** RECORDS FOR THE EXERCISE follows **

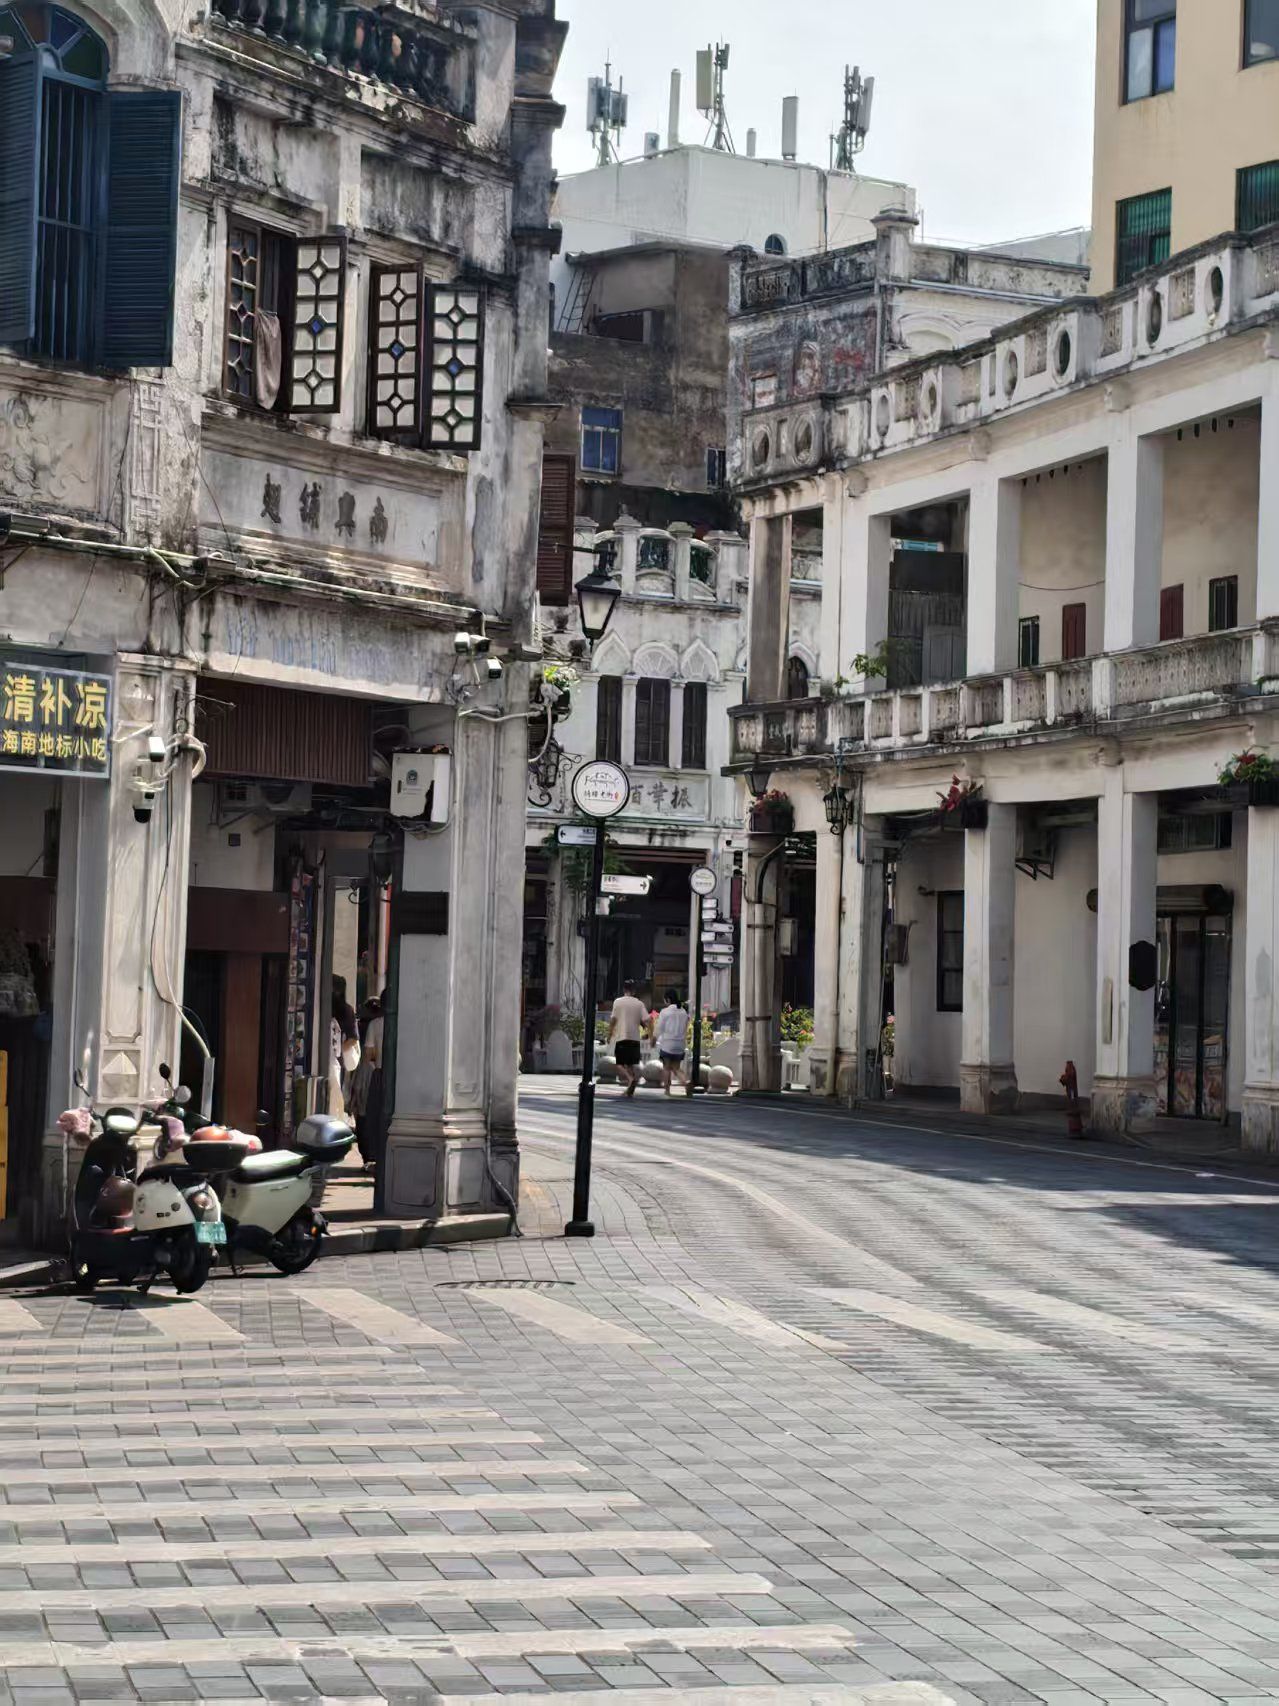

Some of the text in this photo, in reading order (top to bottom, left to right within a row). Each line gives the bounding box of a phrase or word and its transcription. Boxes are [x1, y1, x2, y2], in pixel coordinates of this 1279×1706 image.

[4, 673, 107, 728] 清补凉
[2, 729, 106, 761] 海南地标小吃
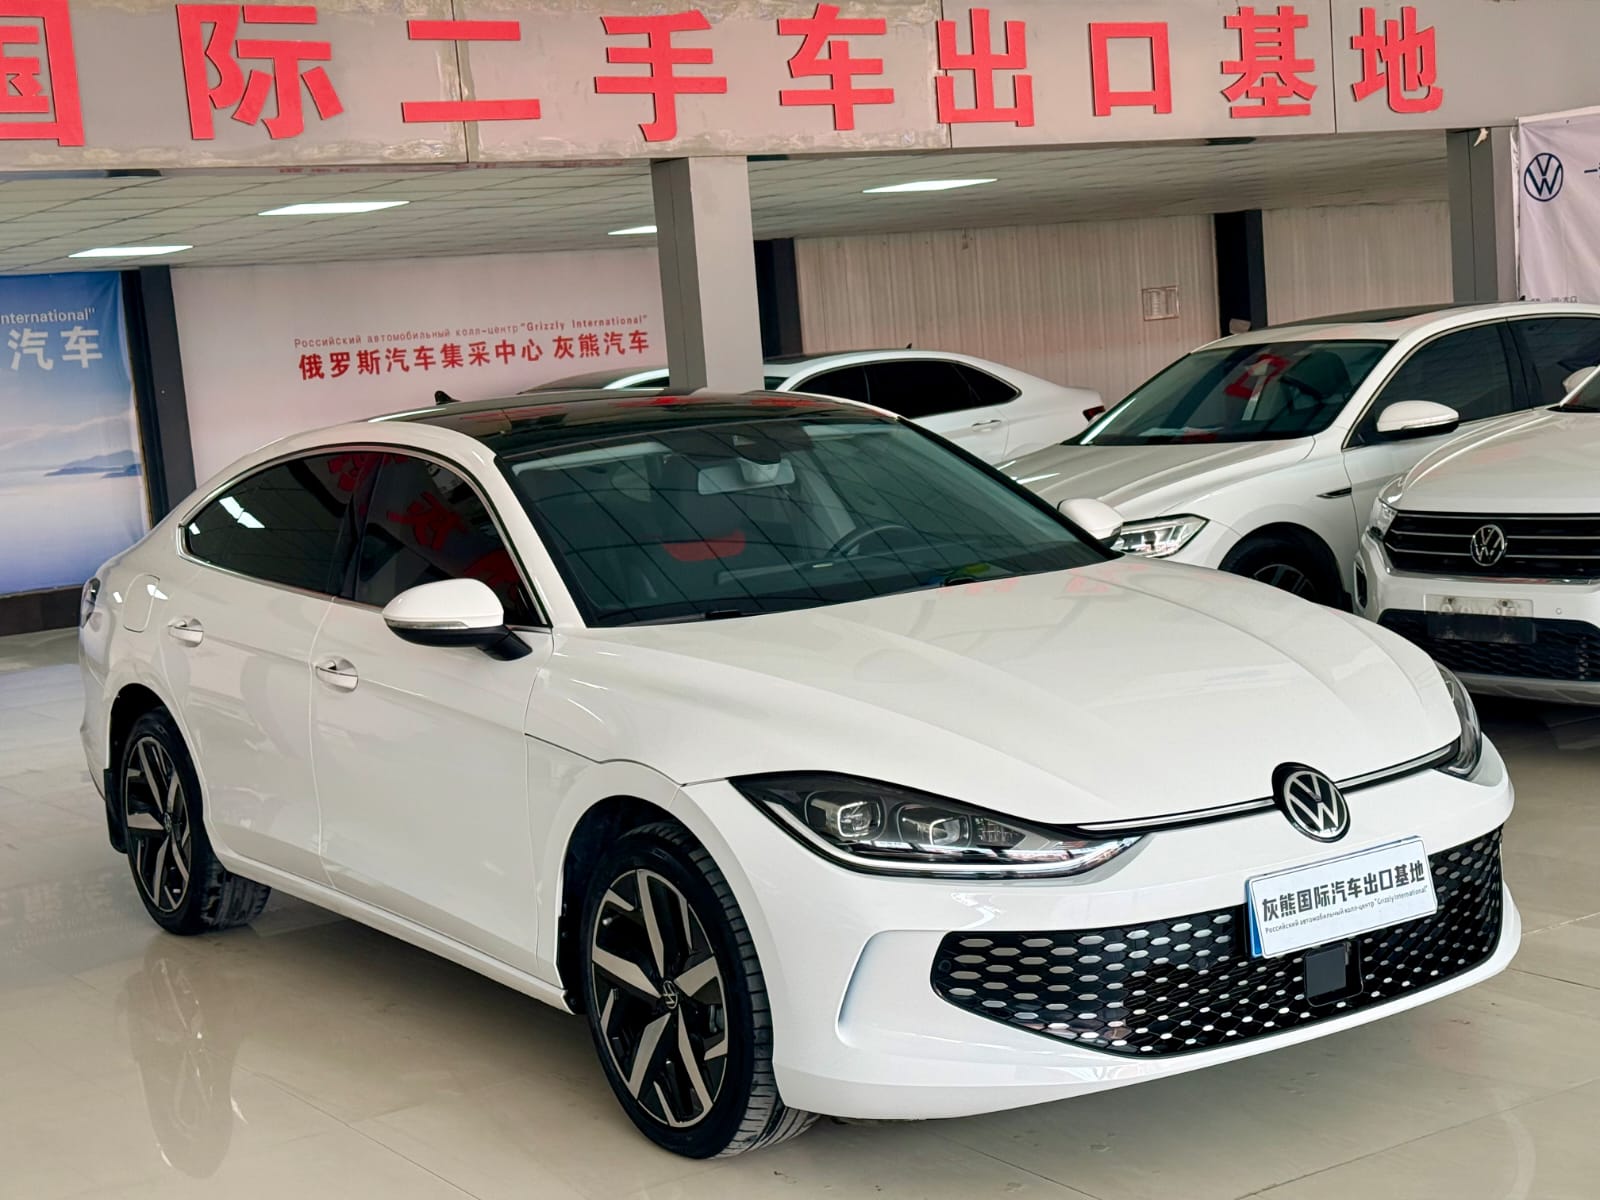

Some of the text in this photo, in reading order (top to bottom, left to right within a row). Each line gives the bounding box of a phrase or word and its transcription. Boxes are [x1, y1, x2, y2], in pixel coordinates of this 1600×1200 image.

[8, 326, 103, 371] 汽车
[294, 335, 362, 349] Российский
[367, 329, 450, 344] автомобильный
[298, 329, 649, 380] 俄罗斯汽车集采中心 灰熊汽车
[1262, 860, 1425, 922] 灰熊国际汽车出口基地

** End of RECORDS FOR THE EXERCISE **

▶ TASK STATEMENT: Your answer must be the line that contains "this 1600×1200 image." and every line after it to the end of the records, reproduced exactly.

▶ EXPECTED OUTPUT:
Some of the text in this photo, in reading order (top to bottom, left to right within a row). Each line gives the bounding box of a phrase or word and its transcription. Boxes are [x1, y1, x2, y2], in pixel coordinates of this 1600×1200 image.

[8, 326, 103, 371] 汽车
[294, 335, 362, 349] Российский
[367, 329, 450, 344] автомобильный
[298, 329, 649, 380] 俄罗斯汽车集采中心 灰熊汽车
[1262, 860, 1425, 922] 灰熊国际汽车出口基地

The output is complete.